Buildstack CMS
Content management for websites and apps
Manage content in one place and send it to your website or app.
This website is the CMS control panel for your team. Use it to create pages, blogs, media, and integrations, then connect your frontend to the public API so visitors always see published content.
Quick Start
1. Sign in to the dashboard.
2. Create a project.
3. Add pages, blogs, and media.
4. Publish the content.
5. Connect your website to the public API.
How It Works
Step 1
Open the website
Visit the Buildstack CMS website to see the public landing page and learn what the platform does.
Step 2
Go to the dashboard
Sign in as an admin to create projects, pages, blogs, media, and integrations.
Step 3
Publish content
Once a page or blog is published, the public API can serve it to your website or mobile app.
Step 4
Connect your app
Use the public API for reading content and webhooks for refreshing your frontend or syncing data.
What You Can Manage
Projects
A project groups pages, blogs, and media for one website or product.
Pages
Pages are the main website screens, like home, about, pricing, or contact.
Blogs
Blogs are articles, announcements, updates, and long-form content.
Media
Media stores images, files, and other assets used in your content.
Integrations
Integrations let you create API keys and webhooks for trusted backend connections.
Public API
Your website or mobile app reads published content from the CMS through public API routes.
For Content Editors
Open the dashboard, choose a project, and add the content you want to publish. The public site will read the published content automatically.
For Developers
Use public API routes in your frontend and webhooks in your backend. Private keys should stay server-side only.
FAQ
Who is this CMS for?
It is for teams who want one place to manage website content and send it to a frontend, mobile app, or internal tool.

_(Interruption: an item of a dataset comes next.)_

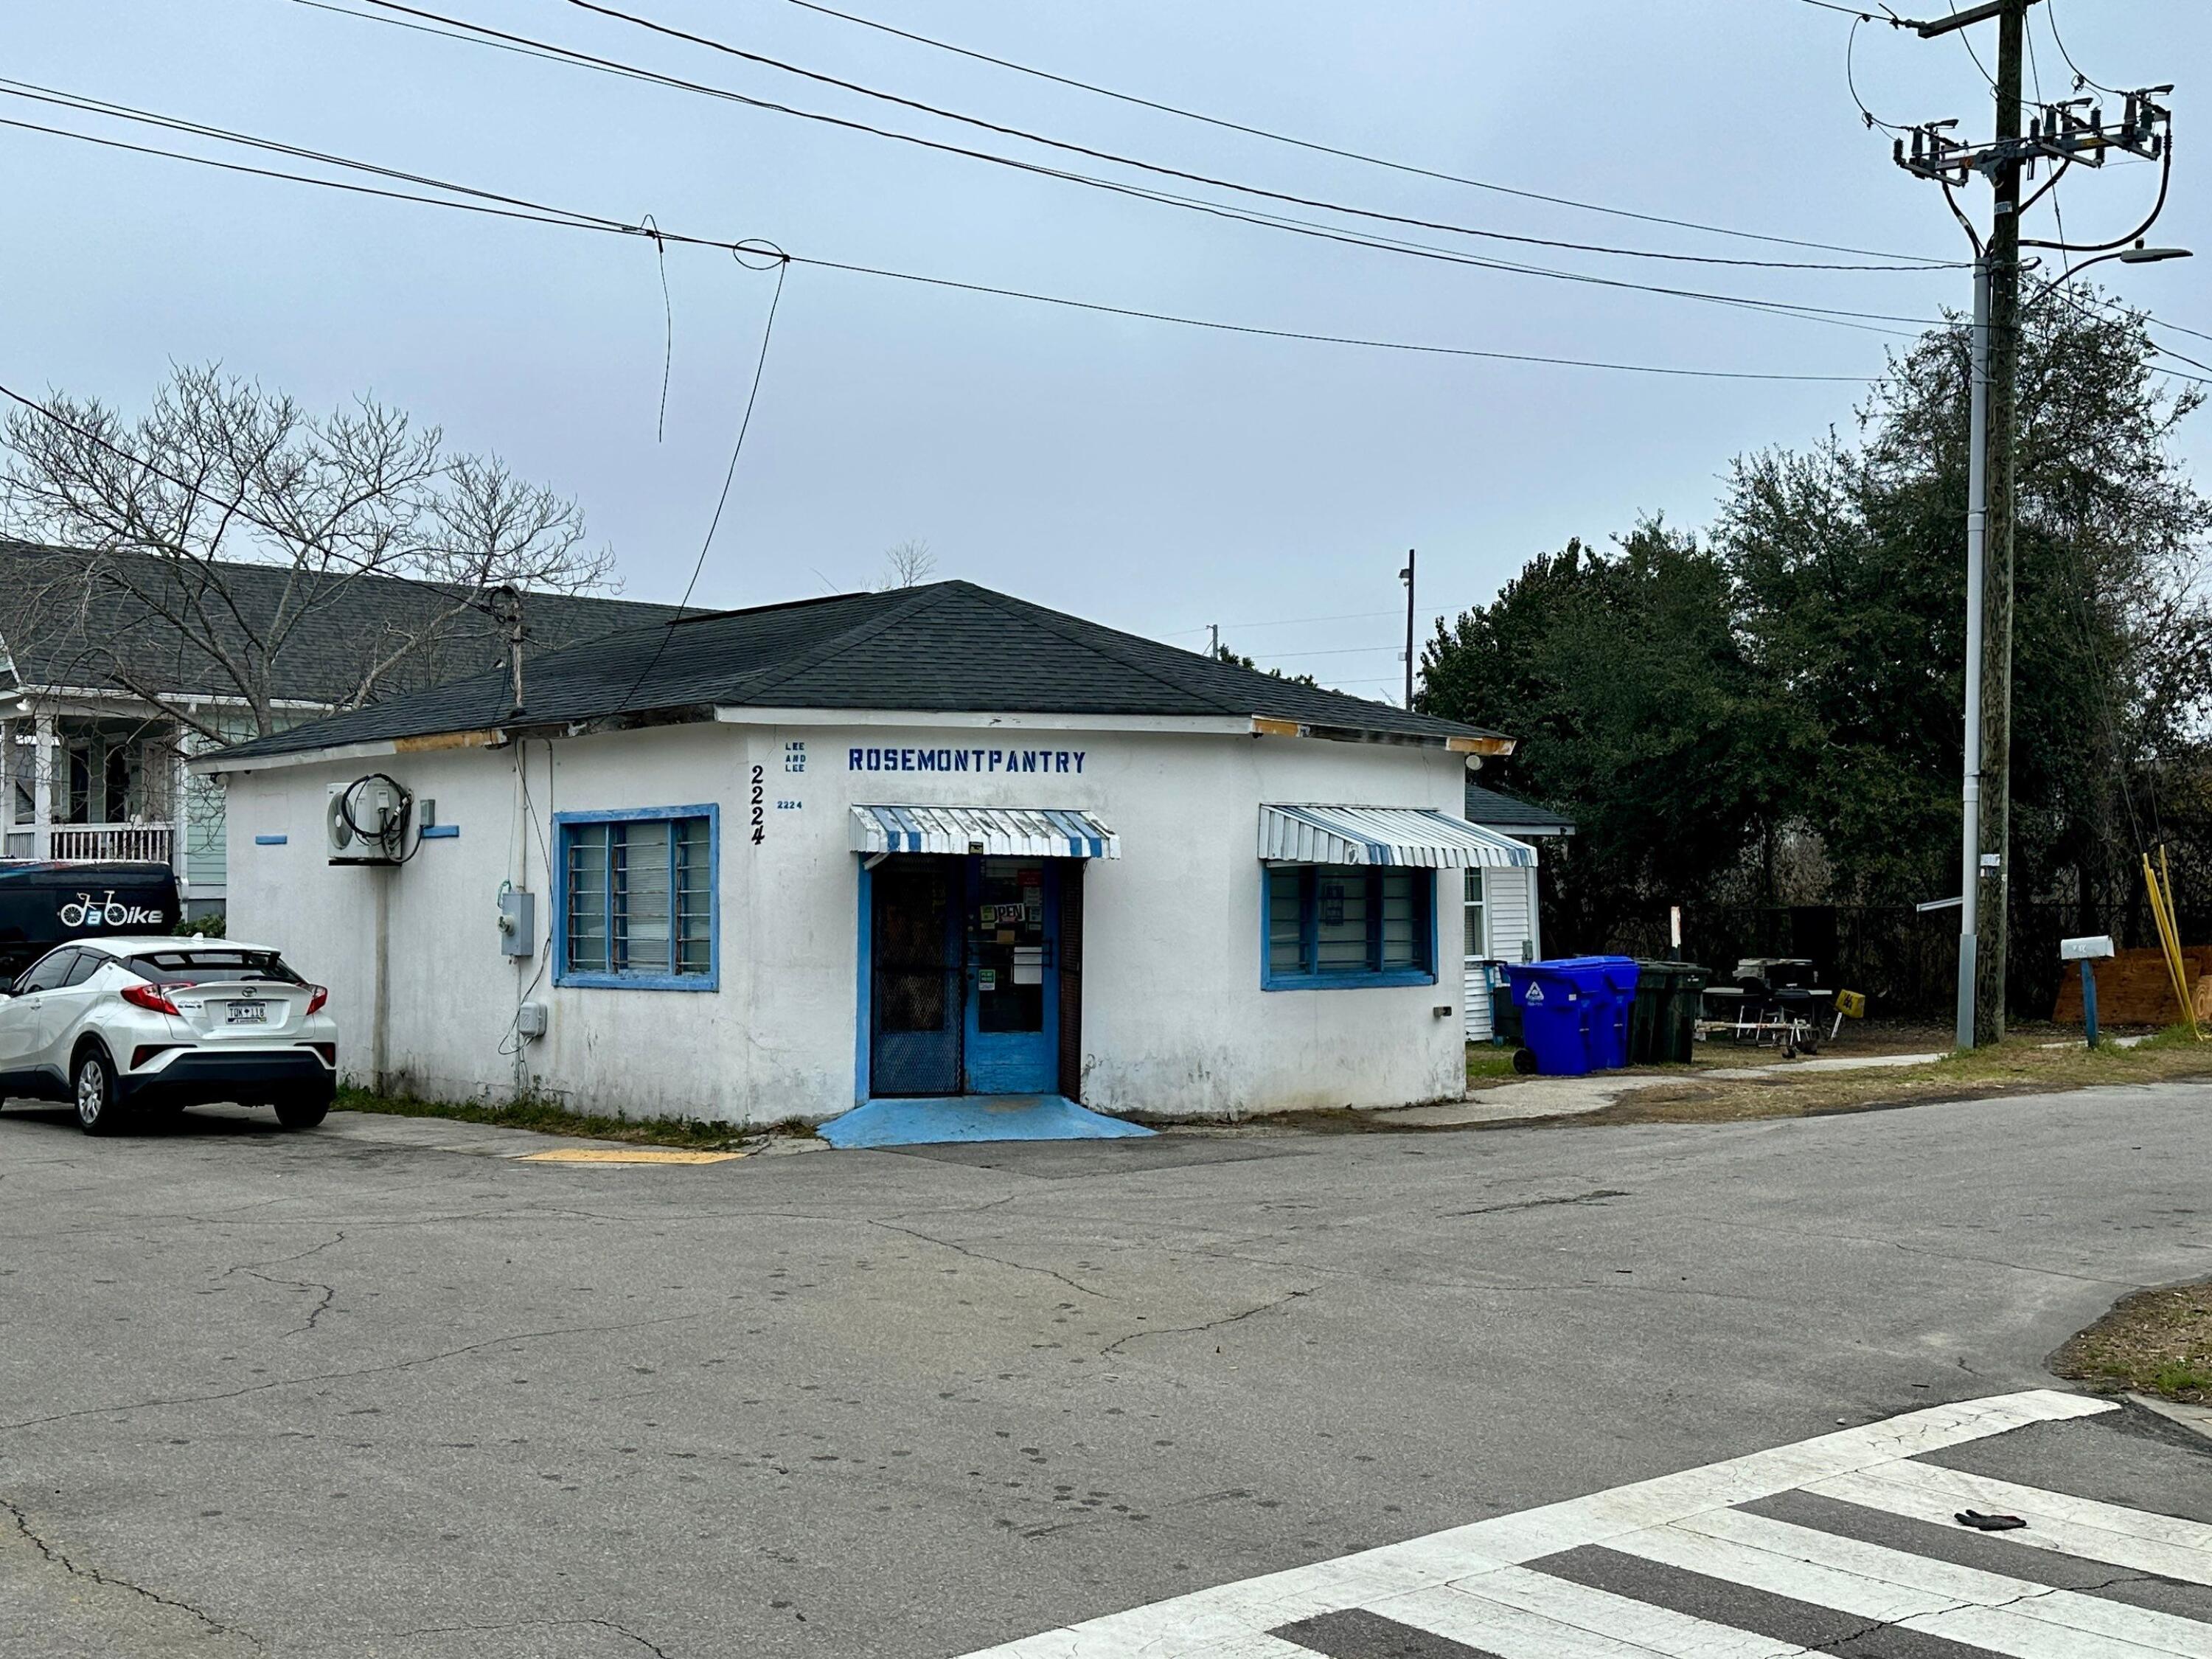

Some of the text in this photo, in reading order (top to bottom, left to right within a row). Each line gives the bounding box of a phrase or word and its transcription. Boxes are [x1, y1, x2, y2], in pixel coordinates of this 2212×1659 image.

How do I make content visible?
Create or edit a page or blog post, mark it as published, and then use the public API from your website.
Where should API keys live?
Private keys should stay on the server only. The browser should never hold write keys or webhook secrets.
What do webhooks do?
Webhooks tell your backend when content changes so you can refresh the frontend, update caches, or sync other systems.